Tuve el privilegio de nacer en la provincia de Matanzas, el primero de febrero de 1953. Fuimos dos hijos de un matrimonio de amor: mi hermano —periodista, que falleció en 2017— y yo, que les salí artista.
Escuché que tu padre también era artista.
Se llamaba Daniel Torres Font. Estudió en la Academia de Bellas Artes San Alejandro. Fue compañero de estudios de Carmelo González, Servando Cabrera y otras figuras importantes de la plástica nacional. Cuando se graduó, fue a su provincia natal, pero no encontró trabajo fijo. Hizo dibujos para la prensa, anuncios y todo lo que fuera posible para mantener la familia. En 1956 aplica a CMQ Tv y logra la plaza de pintor escenográfico en el departamento que dirigía Luis Márquez, destacado escenógrafo. Por eso la familia se traslada a La Habana.
Mi padre abandona la pintura. La escenografía no era como ahora; se montaba en estudios en la mañana, se ensayaba a la 1 de la tarde y se hacía guardia en la noche por si pasaba algo con el trabajo realizado, lo que a veces sucedía. Su mundo se convirtió en la televisión. Allí ganó gran prestigio profesional. Andy, el pintor, puede dar fe de ello, al igual que Nieves Laferté, la brillante diseñadora de vestuario.
En la década de los 80 es que retoma la pintura. Tenía gran dominio técnico y un dibujo extraordinario; además, era un lector voraz. Creo que heredé su sentido del color y la pasión por la poesía.

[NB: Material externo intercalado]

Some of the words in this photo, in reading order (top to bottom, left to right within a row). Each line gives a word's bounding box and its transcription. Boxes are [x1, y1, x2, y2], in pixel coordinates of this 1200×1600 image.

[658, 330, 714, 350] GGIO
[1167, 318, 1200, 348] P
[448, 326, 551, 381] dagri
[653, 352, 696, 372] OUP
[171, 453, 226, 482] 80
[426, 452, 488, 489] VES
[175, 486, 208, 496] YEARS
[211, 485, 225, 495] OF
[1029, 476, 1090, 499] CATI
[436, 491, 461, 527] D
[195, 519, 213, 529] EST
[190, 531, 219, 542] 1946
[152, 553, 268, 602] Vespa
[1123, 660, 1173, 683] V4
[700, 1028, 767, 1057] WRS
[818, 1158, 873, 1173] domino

Él muere en octubre de 1989. En 1991 le organicé una muestra en la Galería 23 y 12. Cuando mi hermano decidió vivir fuera de Cuba, escogió un conjunto de sus piezas, que aún son patrimonio de la familia. Yo conservo otras.

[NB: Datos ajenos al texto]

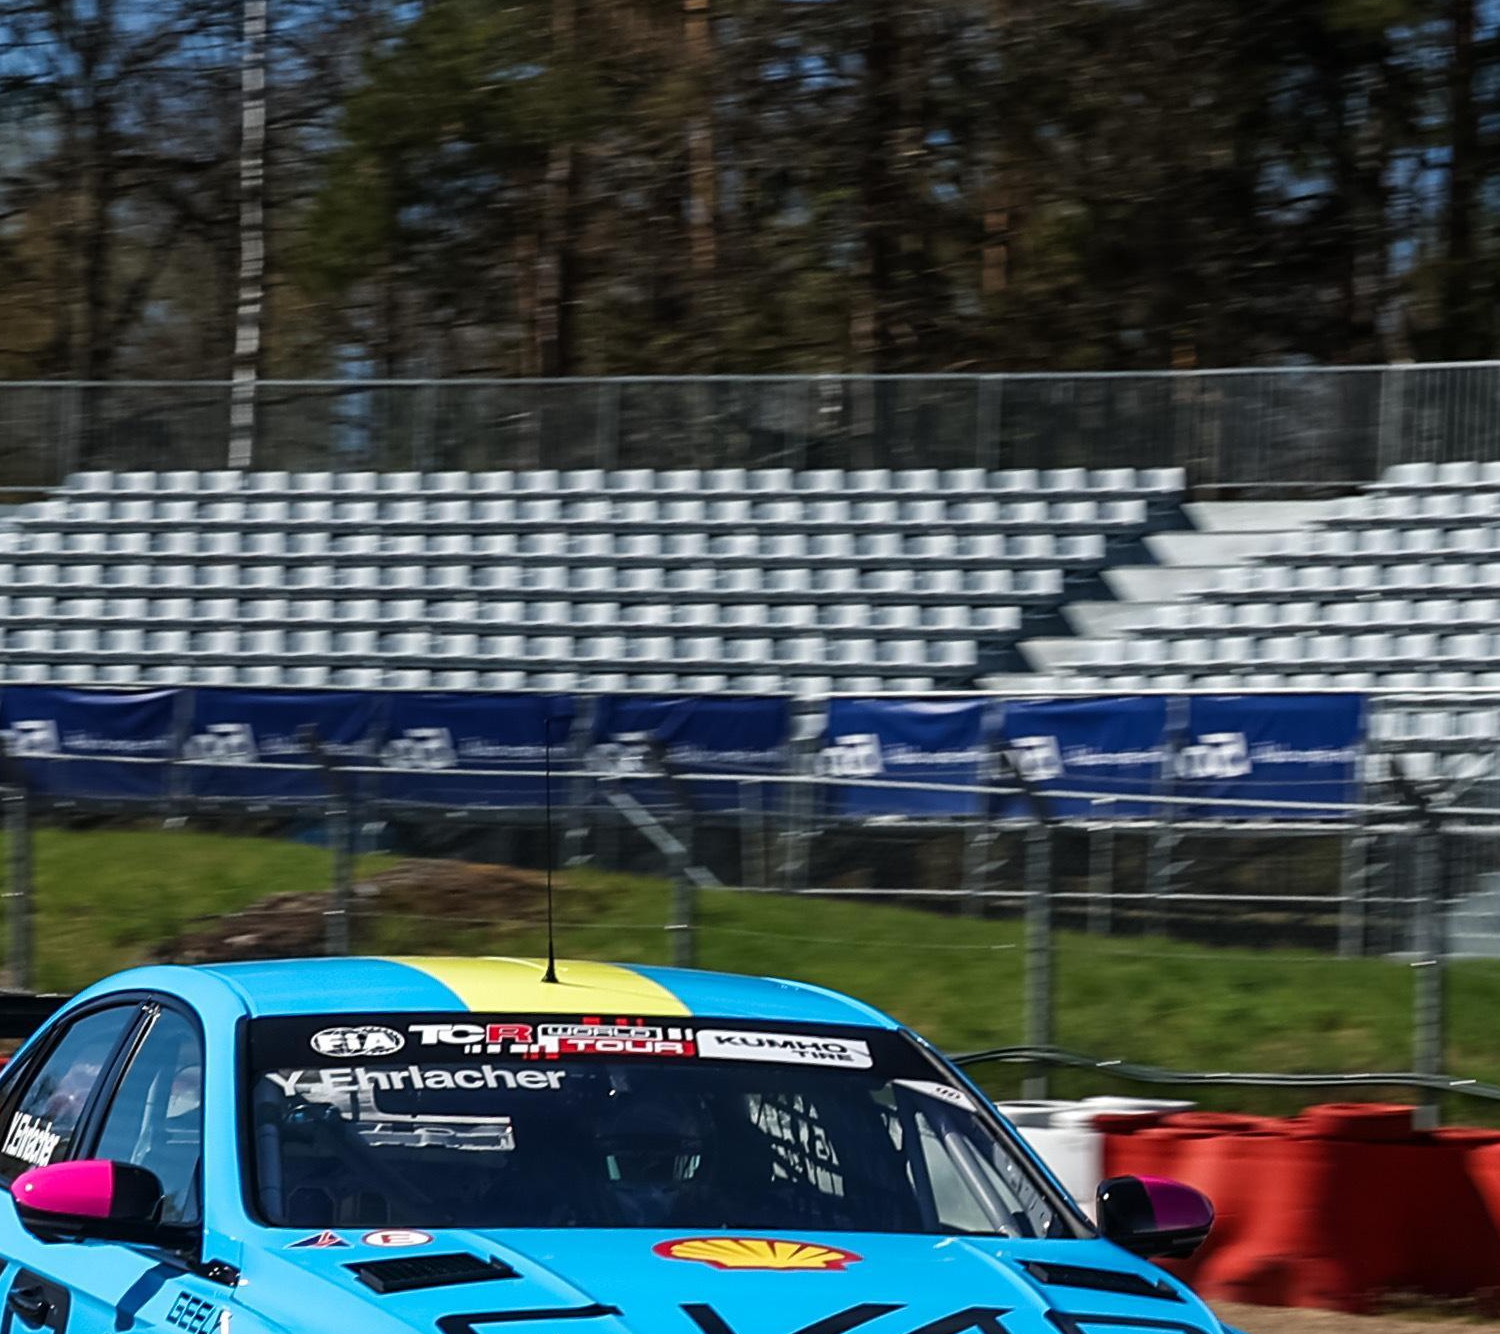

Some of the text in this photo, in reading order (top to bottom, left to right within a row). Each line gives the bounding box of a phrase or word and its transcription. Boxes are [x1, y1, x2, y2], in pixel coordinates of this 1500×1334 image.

[408, 1024, 533, 1045] TCR
[547, 1027, 651, 1038] WORLD
[315, 1030, 400, 1054] FIA
[566, 1039, 684, 1055] TOUR
[715, 1036, 848, 1054] KUMHO
[792, 1050, 855, 1063] TIRE
[319, 1065, 566, 1091] Ehrlacher
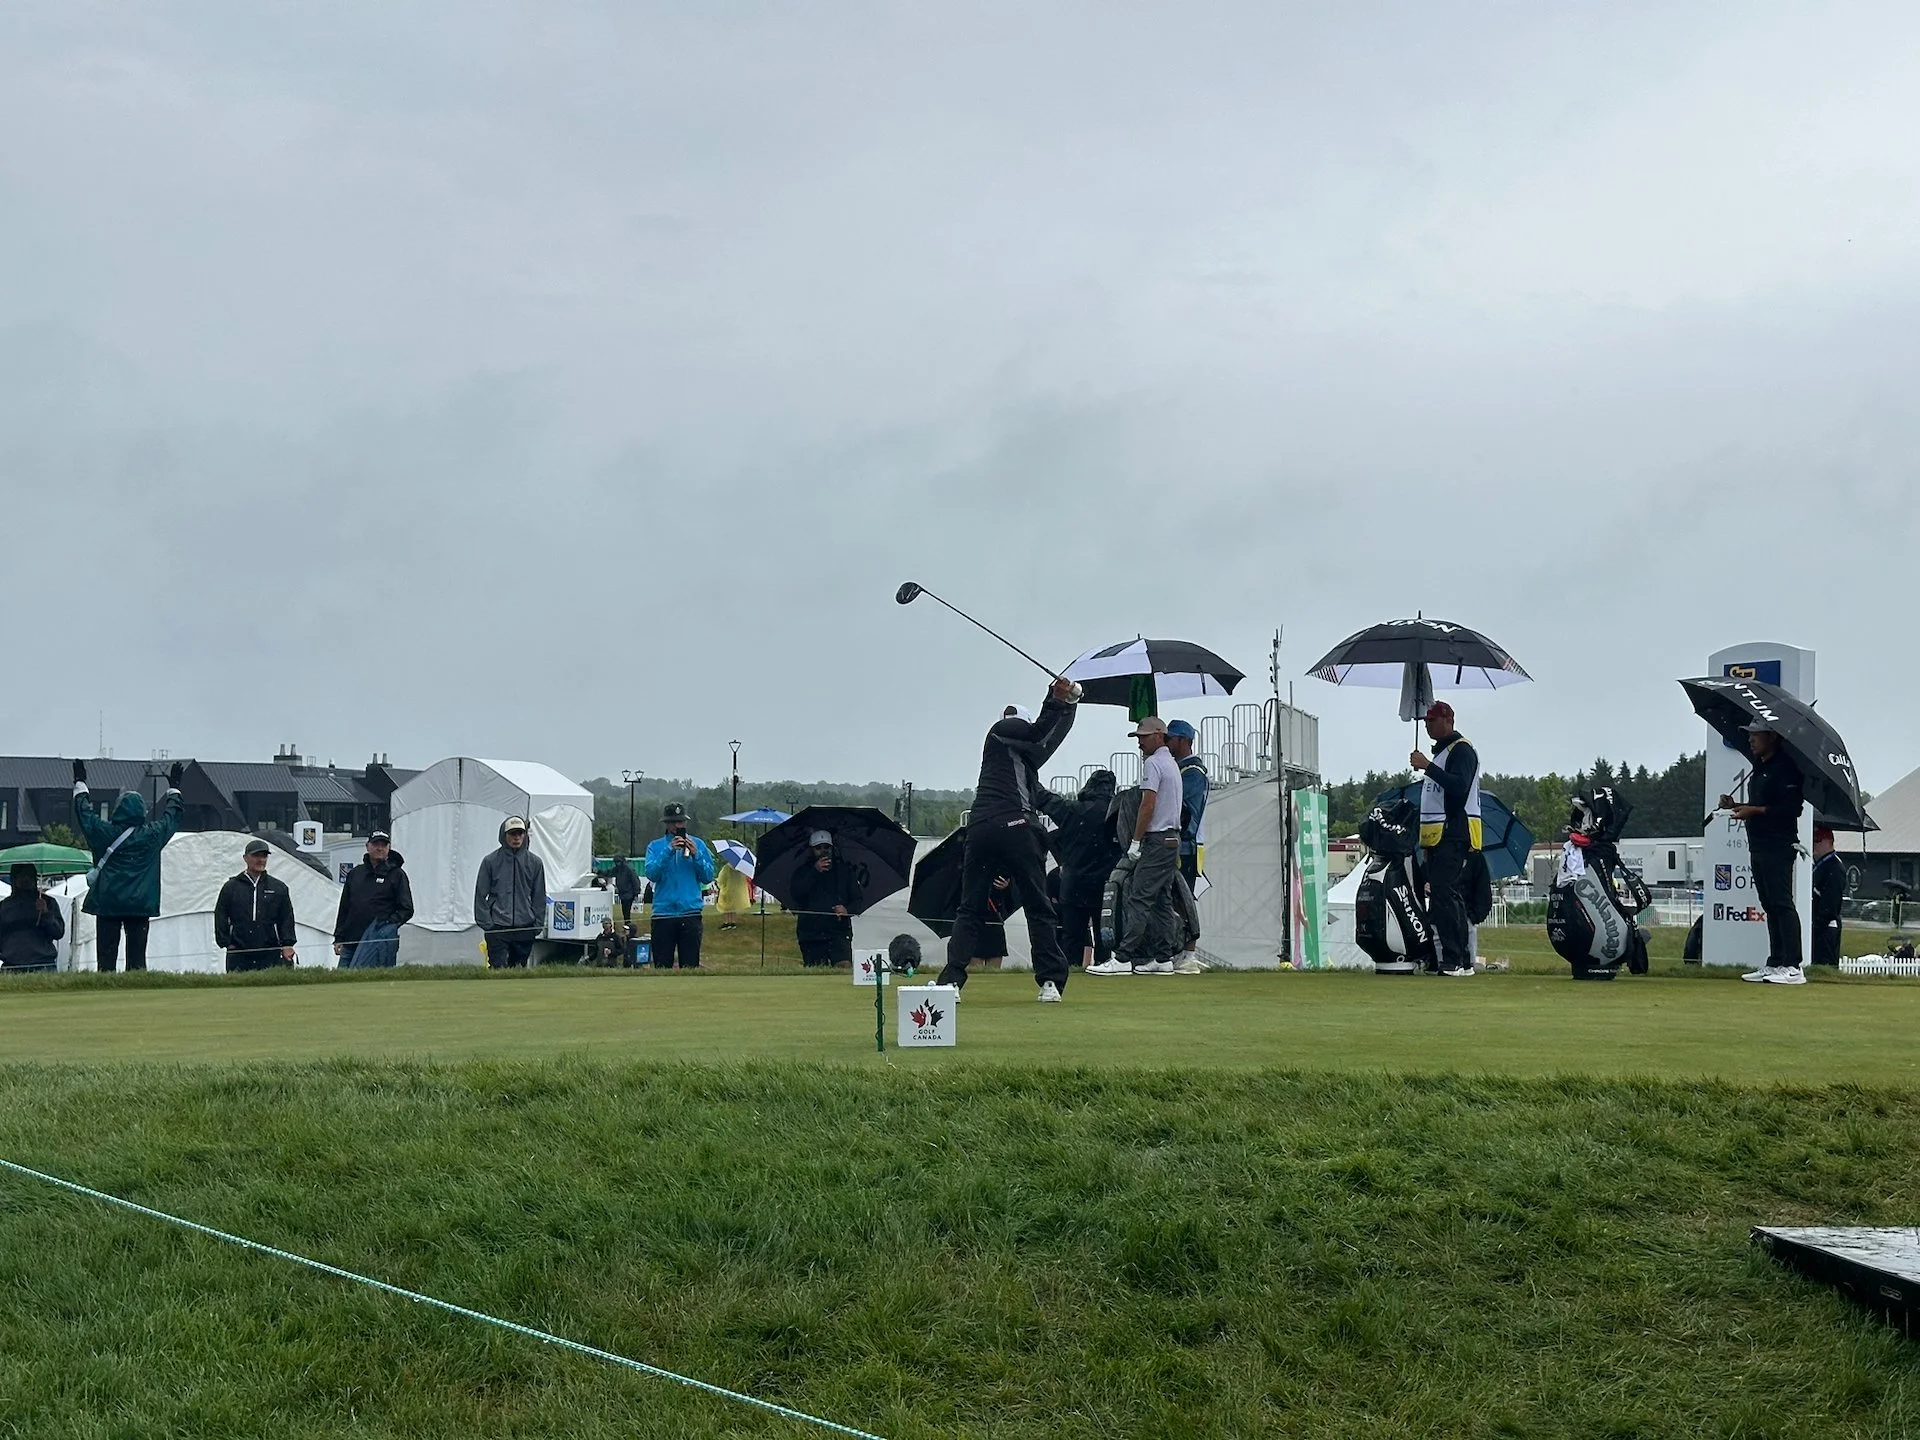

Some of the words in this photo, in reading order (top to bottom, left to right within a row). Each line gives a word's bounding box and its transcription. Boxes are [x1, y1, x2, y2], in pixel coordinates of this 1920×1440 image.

[1726, 840, 1742, 848] 416
[1393, 884, 1428, 943] SRIXON
[1574, 878, 1620, 959] Callaway
[1726, 907, 1765, 921] FedEx
[554, 921, 574, 930] RBC

¿Piensas promover con eso una retrospectiva?
No creo que dé para una retrospectiva de su obra; pero se puede pensar en una exposición con los dos conjuntos que actualice un poco el conocimiento sobre su trabajo artístico entre los más jóvenes.
¿Dónde estudiaste?
En 1968 me presento a las pruebas en la Escuela Nacional de Arte (ENA). Mi padre me preparó pocos días antes en el dibujo del natural. Al final me aprueban y me gradúo en 1973.
Era un grupo maravilloso. Entre mis condiscípulos estaban Flavio Garciandía, Rogelio López Marín (Gory) y Cosme Proenza.
En la ENA descubro el grabado, que desde entonces es mi pasión. El vínculo se da a través de Luis Miguel Valdés, mi profesor, quien me inculcó el amor a esa disciplina o género. Fue la única asignatura en la que obtuve 100 puntos en toda mi vida de estudiante.
Luis Miguel me llevó al Taller Experimental de Gráfica de la Habana (TEGH) cuando todavía era alumno del último año. Allí imprimí mis primeras piezas; entre ellas la serie Revolución es construir, que fue mención en el Salón 26 de julio de las FAR. En esa ocasión, José Gómez Fresquet (Frémez) resultó premiado.
Días antes, me casé con Vivian, mi esposa de toda la vida. El premio consistía en un mes en un centro turístico con acompañante y gastos pagos. No podía perder la oportunidad: la luna de miel nos salió gratis… Te estoy hablando de diciembre de 1973.
Cuéntanos de tu relación con el TEGH.
El taller fue mi casa desde 1972 hasta hace poco.
Realmente me gradué de pintura, pero no tenía espacio para pintar, y el taller era la solución de muchos. Allí tuve la suerte de coincidir con artistas como Umberto Peña, Sosabravo, Posada, Contino y Frémez, que ya eran consagrados, y con maestros jóvenes como Luis Miguel, Nelson Domínguez, Fabelo y Roger Aguilar, entre otros.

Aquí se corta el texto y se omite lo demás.